▸ **Goal of the exercise**
Each record below is to be retyped exactly, with its pictures omitted.

================================

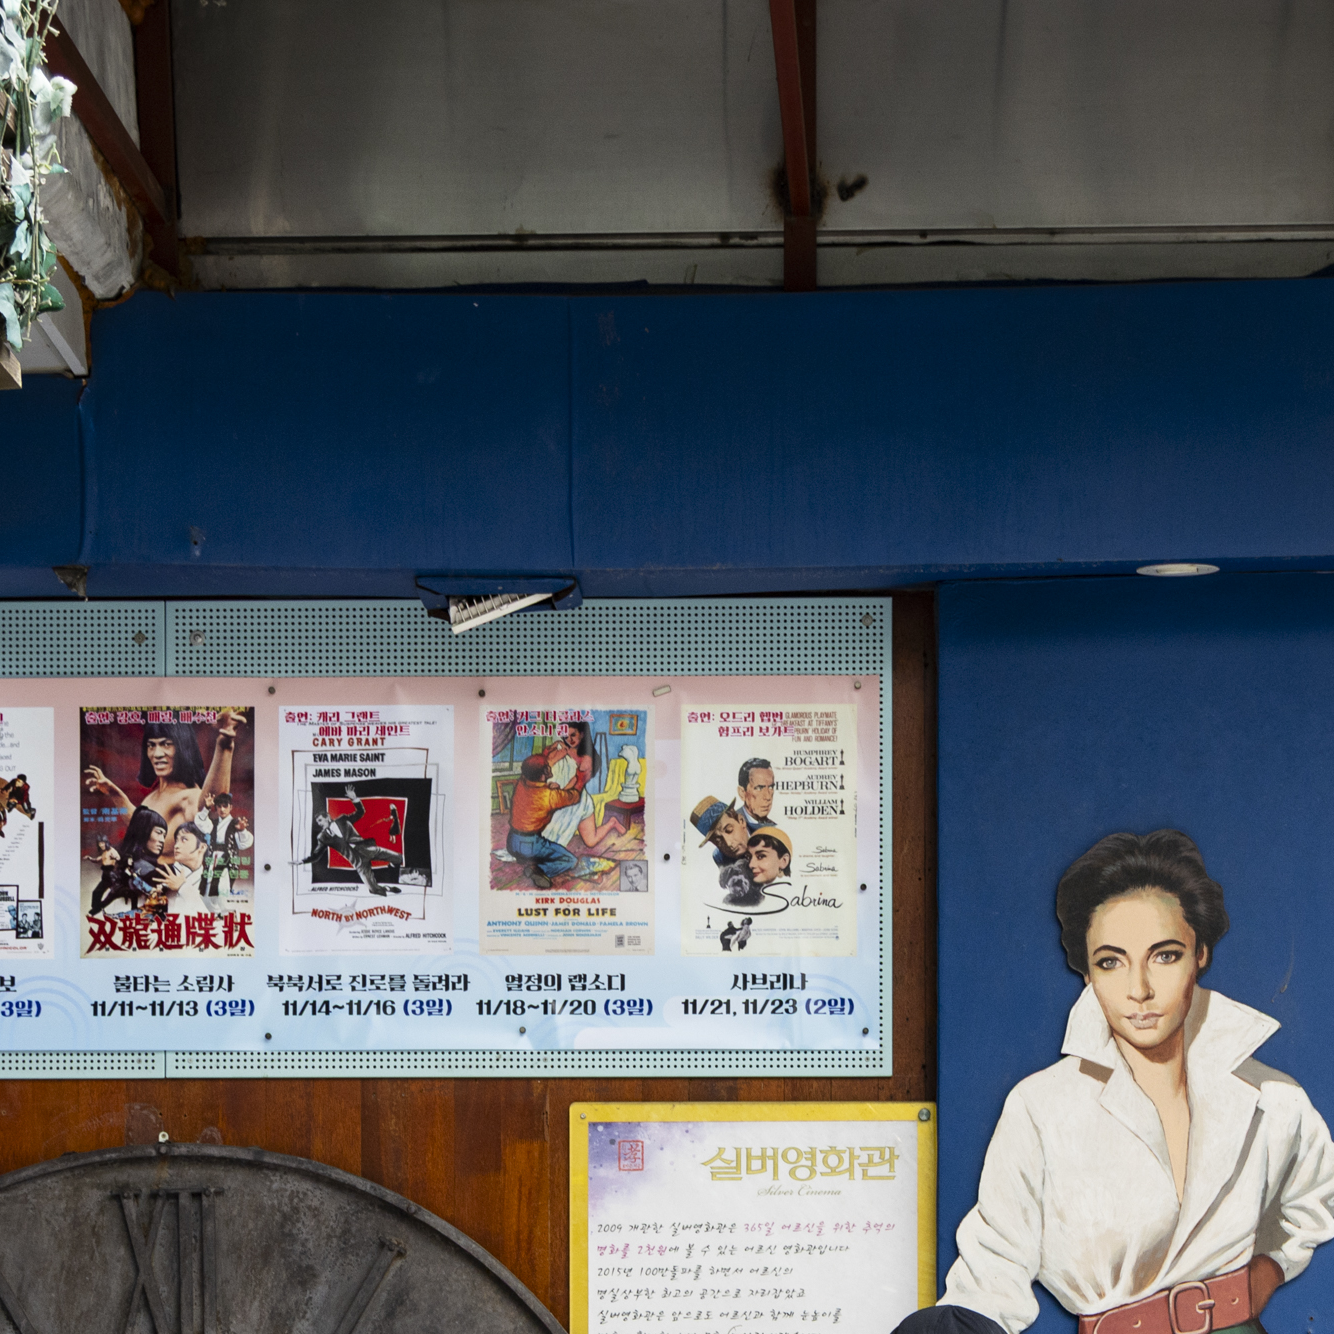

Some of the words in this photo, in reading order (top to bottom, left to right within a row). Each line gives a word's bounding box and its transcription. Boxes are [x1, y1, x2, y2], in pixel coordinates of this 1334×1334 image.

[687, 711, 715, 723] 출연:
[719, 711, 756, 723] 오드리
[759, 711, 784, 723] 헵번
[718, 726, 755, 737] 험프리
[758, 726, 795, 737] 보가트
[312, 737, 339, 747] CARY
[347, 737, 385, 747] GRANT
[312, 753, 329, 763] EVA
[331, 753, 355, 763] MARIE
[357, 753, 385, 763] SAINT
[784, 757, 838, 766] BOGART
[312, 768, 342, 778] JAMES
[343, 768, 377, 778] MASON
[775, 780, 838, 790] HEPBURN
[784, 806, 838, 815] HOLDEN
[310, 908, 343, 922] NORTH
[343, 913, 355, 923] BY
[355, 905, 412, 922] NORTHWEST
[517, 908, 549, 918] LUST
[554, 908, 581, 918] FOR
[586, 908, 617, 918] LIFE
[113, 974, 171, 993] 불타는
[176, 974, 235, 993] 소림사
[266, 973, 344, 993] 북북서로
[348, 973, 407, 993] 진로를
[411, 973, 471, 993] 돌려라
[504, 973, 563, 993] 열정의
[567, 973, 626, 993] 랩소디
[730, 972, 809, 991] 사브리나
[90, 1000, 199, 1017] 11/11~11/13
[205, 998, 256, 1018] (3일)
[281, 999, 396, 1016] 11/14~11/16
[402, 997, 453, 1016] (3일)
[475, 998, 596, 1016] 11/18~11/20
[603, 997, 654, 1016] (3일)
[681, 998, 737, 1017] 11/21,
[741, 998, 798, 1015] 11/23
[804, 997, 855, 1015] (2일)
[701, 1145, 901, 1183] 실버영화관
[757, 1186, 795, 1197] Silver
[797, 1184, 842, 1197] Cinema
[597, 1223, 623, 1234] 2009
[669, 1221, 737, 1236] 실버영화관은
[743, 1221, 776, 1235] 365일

================================

▸ **Written answer**
Some of the words in this photo, in reading order (top to bottom, left to right within a row). Each line gives a word's bounding box and its transcription. Boxes are [x1, y1, x2, y2], in pixel coordinates of this 1334×1334 image.

[687, 711, 715, 723] 출연:
[719, 711, 756, 723] 오드리
[759, 711, 784, 723] 헵번
[718, 726, 755, 737] 험프리
[758, 726, 795, 737] 보가트
[312, 737, 339, 747] CARY
[347, 737, 385, 747] GRANT
[312, 753, 329, 763] EVA
[331, 753, 355, 763] MARIE
[357, 753, 385, 763] SAINT
[784, 757, 838, 766] BOGART
[312, 768, 342, 778] JAMES
[343, 768, 377, 778] MASON
[775, 780, 838, 790] HEPBURN
[784, 806, 838, 815] HOLDEN
[310, 908, 343, 922] NORTH
[343, 913, 355, 923] BY
[355, 905, 412, 922] NORTHWEST
[517, 908, 549, 918] LUST
[554, 908, 581, 918] FOR
[586, 908, 617, 918] LIFE
[113, 974, 171, 993] 불타는
[176, 974, 235, 993] 소림사
[266, 973, 344, 993] 북북서로
[348, 973, 407, 993] 진로를
[411, 973, 471, 993] 돌려라
[504, 973, 563, 993] 열정의
[567, 973, 626, 993] 랩소디
[730, 972, 809, 991] 사브리나
[90, 1000, 199, 1017] 11/11~11/13
[205, 998, 256, 1018] (3일)
[281, 999, 396, 1016] 11/14~11/16
[402, 997, 453, 1016] (3일)
[475, 998, 596, 1016] 11/18~11/20
[603, 997, 654, 1016] (3일)
[681, 998, 737, 1017] 11/21,
[741, 998, 798, 1015] 11/23
[804, 997, 855, 1015] (2일)
[701, 1145, 901, 1183] 실버영화관
[757, 1186, 795, 1197] Silver
[797, 1184, 842, 1197] Cinema
[597, 1223, 623, 1234] 2009
[669, 1221, 737, 1236] 실버영화관은
[743, 1221, 776, 1235] 365일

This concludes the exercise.